As a rule of thumb, a two-way set-associative cache has a miss rate similar to a direct-mapped cache twice the size. Miss-rate improvement, however, diminishes rapidly with increasing associativity. For all practical purposes, an eight-way set-associative cache is just as effective as a fully associative cache. A **least-recently used** (LRU) replacement algorithm is the one most often used to decide into which **way** a new line should be allocated (even though LRU is known to be suboptimal in many cases).

Cache performance is also affected by a cache's write policy. The simplest policy is **write through**, wherein every store writes data to main memory, updating the cache only if it hits. This policy, however, leads to slow writes and to excessive write traffic to memory. As a result, most PC processors use **write-back** caches (sometimes called **copy-back** or **store-in** caches). Write-back caches write to the cache, not to memory, on a hit. Thus, a cache line can collect multiple store hits, writing to memory only once when the line is replaced. Most write-back caches use a **write-allocate** policy, which allocates a new line in the cache on a write miss.

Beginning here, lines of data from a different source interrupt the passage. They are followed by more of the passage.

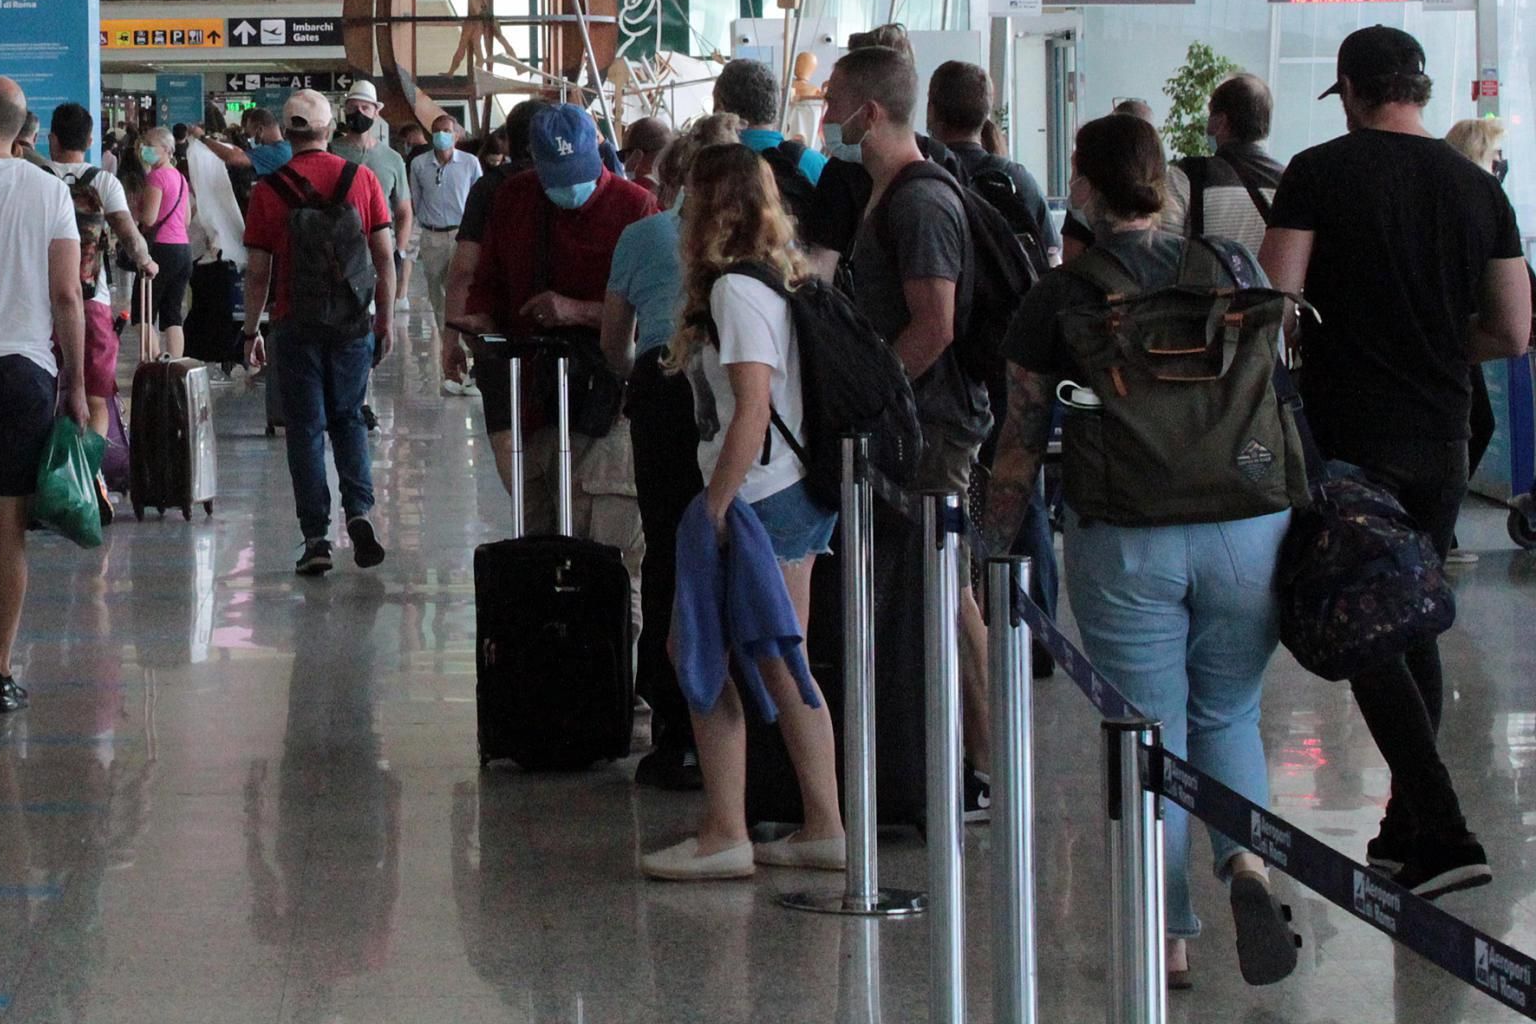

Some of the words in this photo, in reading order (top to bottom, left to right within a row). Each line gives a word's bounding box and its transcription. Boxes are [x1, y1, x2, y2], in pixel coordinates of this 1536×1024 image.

[293, 22, 334, 32] Imbarchi
[293, 33, 320, 42] Gates
[290, 77, 302, 88] A
[305, 77, 312, 88] E
[555, 136, 574, 156] LA
[1489, 945, 1531, 985] Aeroporti
[1500, 976, 1526, 1007] Roma
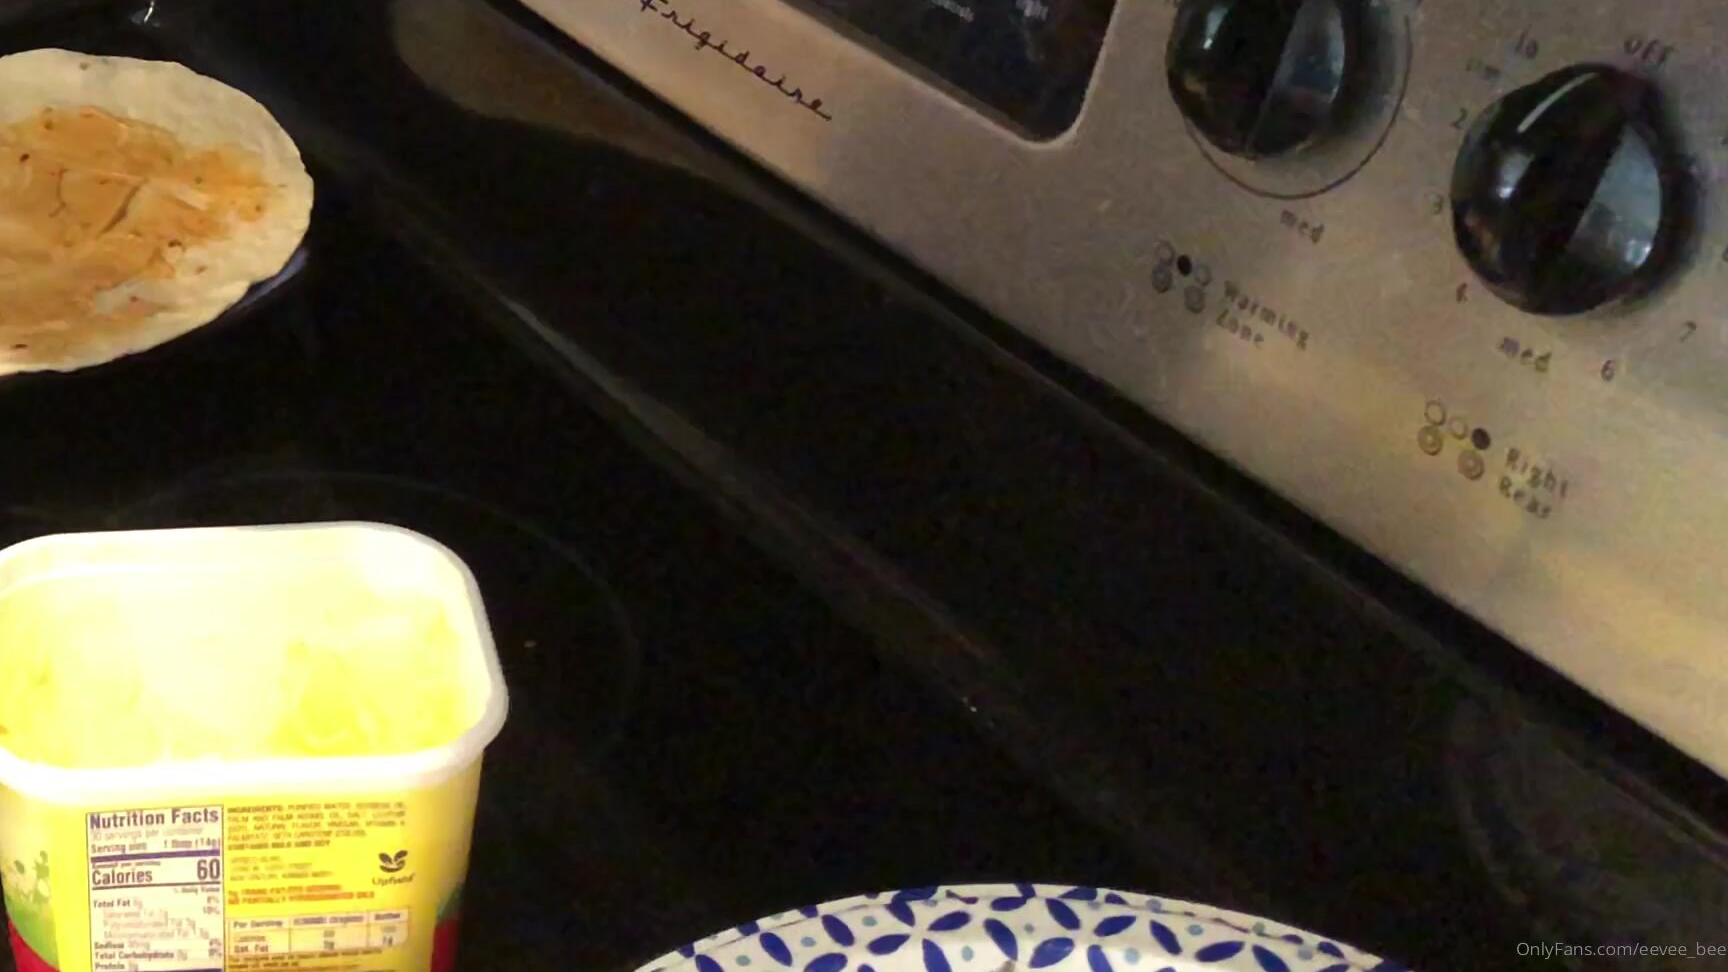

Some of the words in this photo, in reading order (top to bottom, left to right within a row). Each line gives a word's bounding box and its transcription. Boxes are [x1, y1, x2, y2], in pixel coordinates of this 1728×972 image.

[90, 810, 165, 830] Nutrition
[171, 807, 220, 824] Facts
[91, 869, 153, 886] Calories
[196, 858, 221, 881] 60
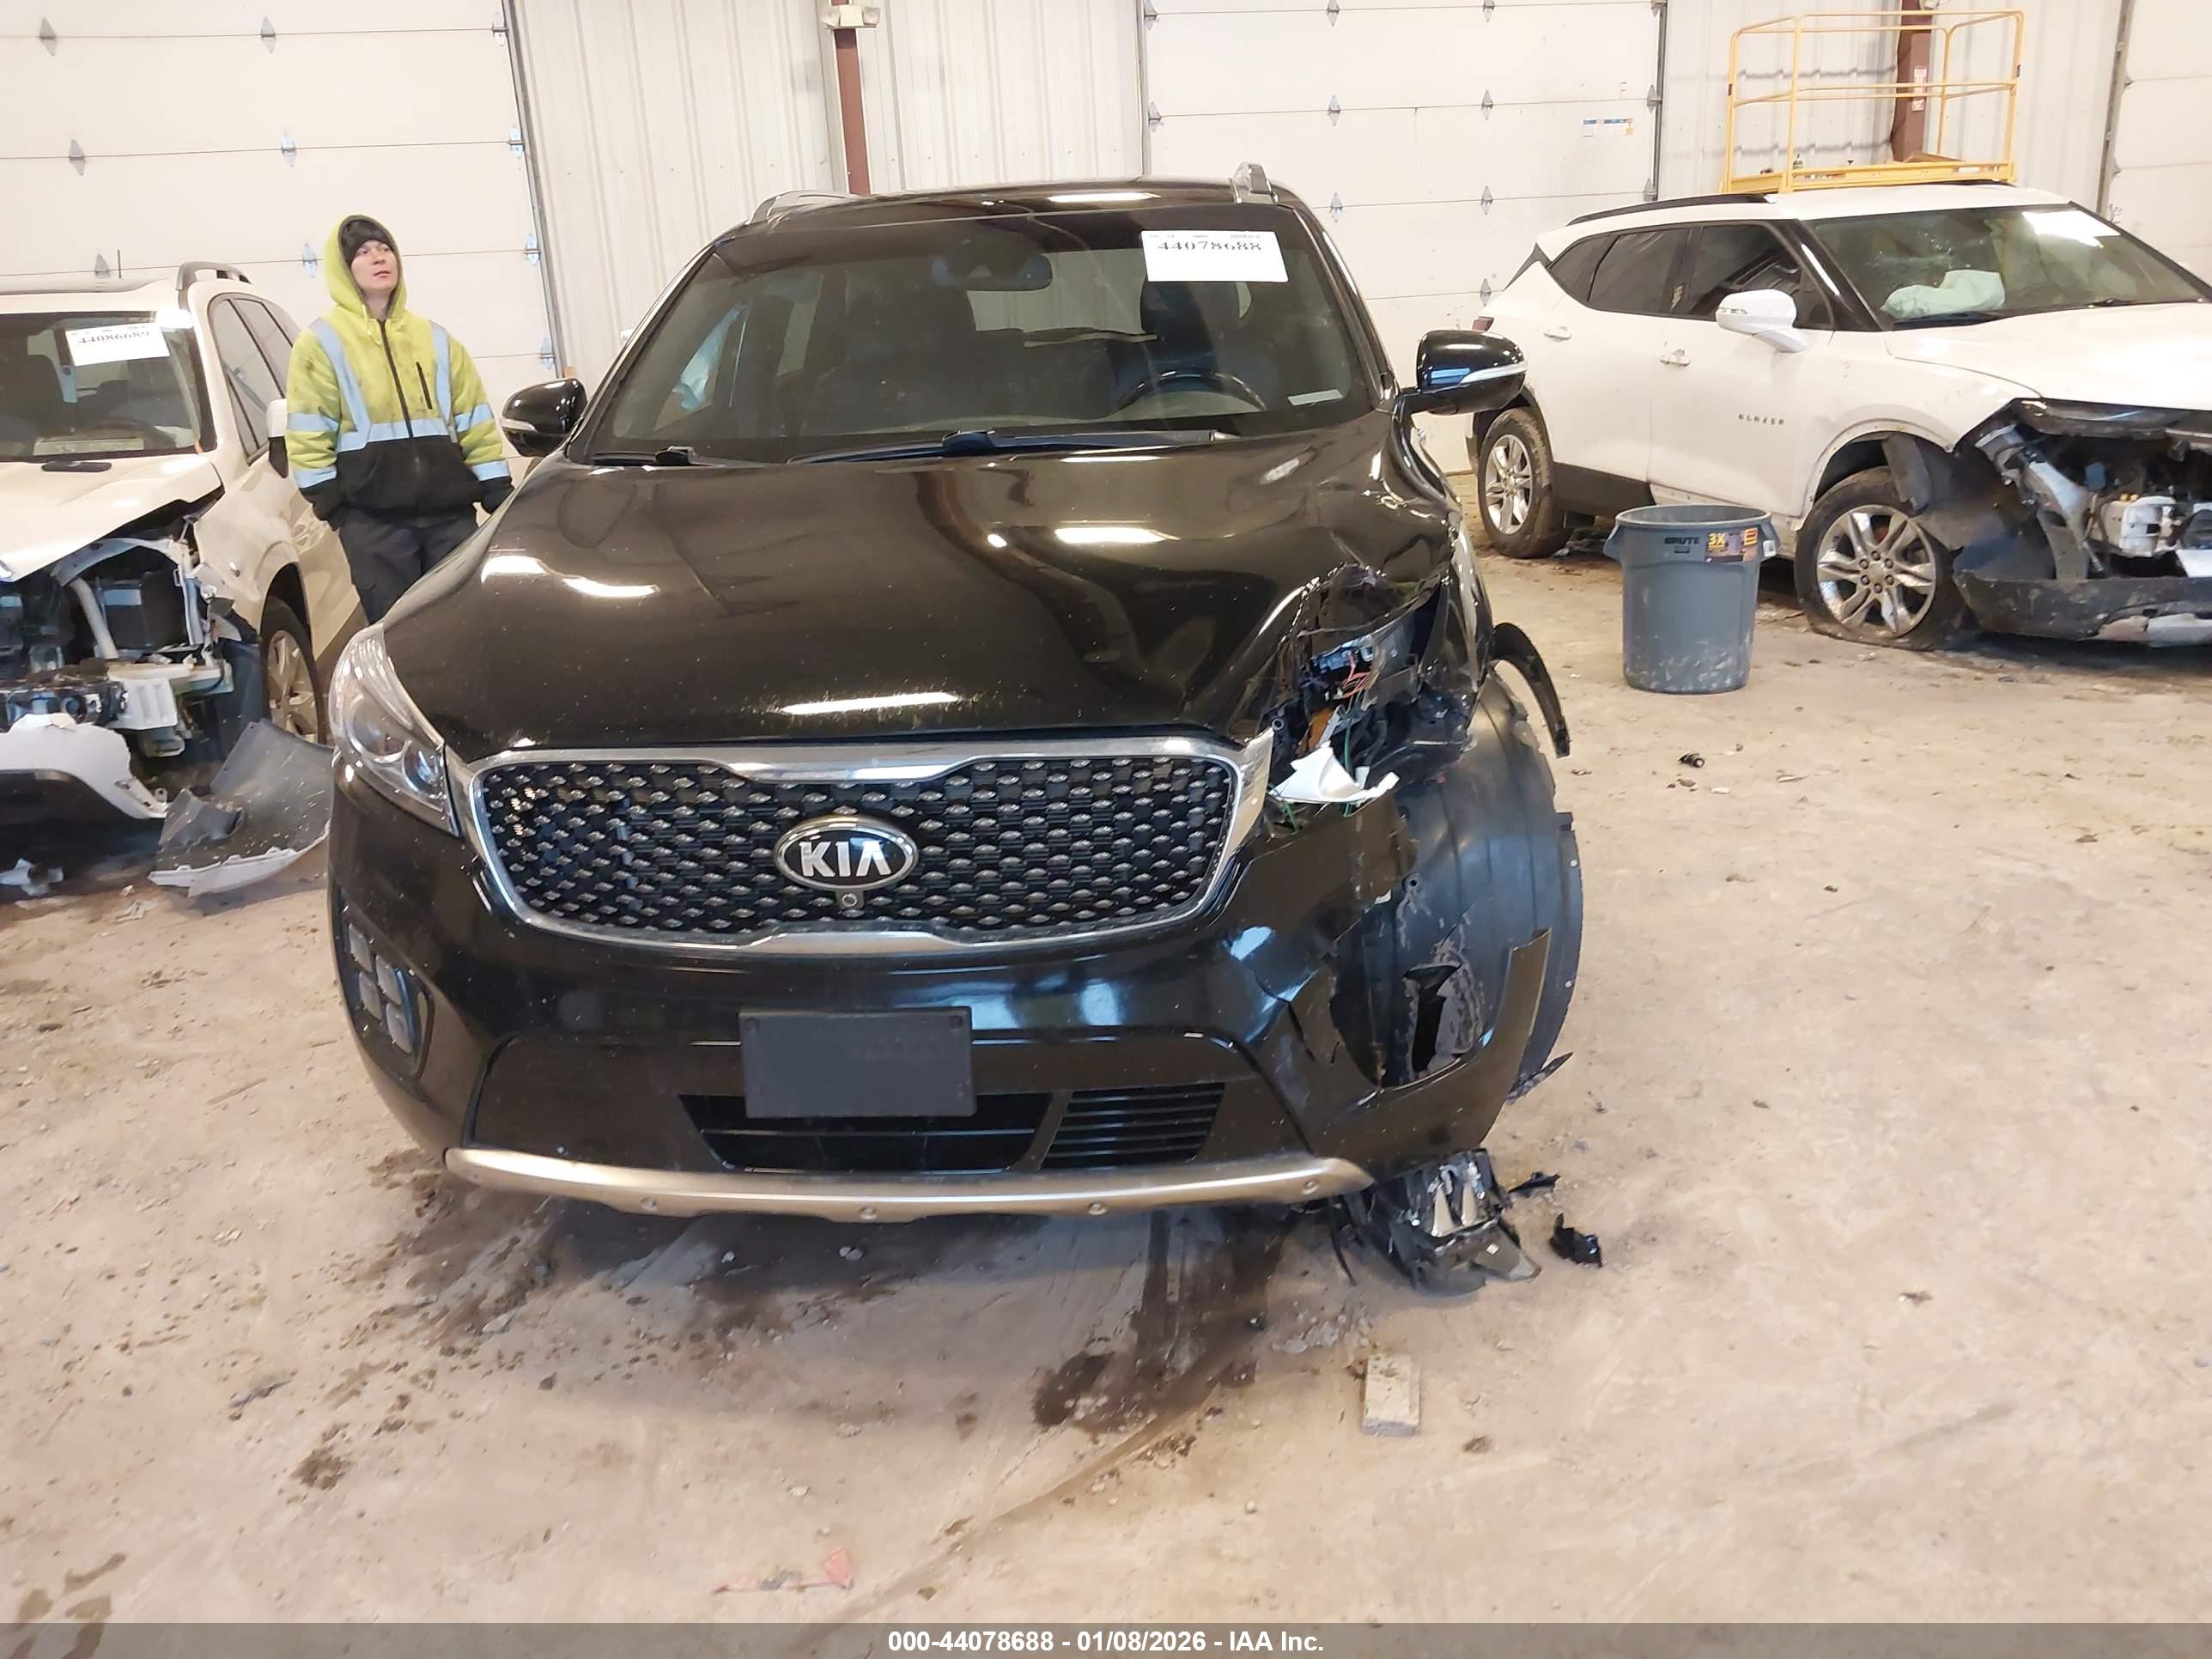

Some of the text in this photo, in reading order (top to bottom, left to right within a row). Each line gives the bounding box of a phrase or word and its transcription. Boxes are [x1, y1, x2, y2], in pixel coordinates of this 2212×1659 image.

[1158, 240, 1262, 251] 44078688
[78, 330, 149, 343] 44086689
[1737, 413, 1784, 426] BLAZER
[1664, 537, 1700, 545] BRUTE
[1708, 532, 1726, 545] 3X
[799, 840, 892, 878] KIA

**Figure 5**. Some processors allow loads to bypass stores that are waiting on data. With a nonblocking cache, load hits can access the cache while a previous miss is waiting on data from memory.

#### Who Has What?

In systems with caches, there is the nasty problem of **cache coherency**. If, for example, a processor has a memory block its cache, and an I/O device writes to an address in that block, then the data in the processor's cache becomes **stale**. If the processor has modified the cache line, the data written by the I/O device will be overwritten and lost permanently when the cache line is eventually written back to memory.

Avoiding these situations with software is difficult and error prone. With multiple processors, the problem becomes even more complicated, and software solutions become intractable. Although not a problem for PCs today, multiprocessors will one day become attractive. Thus, to simplify I/O software and enable multiprocessing in the future, PC processors all enforce cache coherence via hardware.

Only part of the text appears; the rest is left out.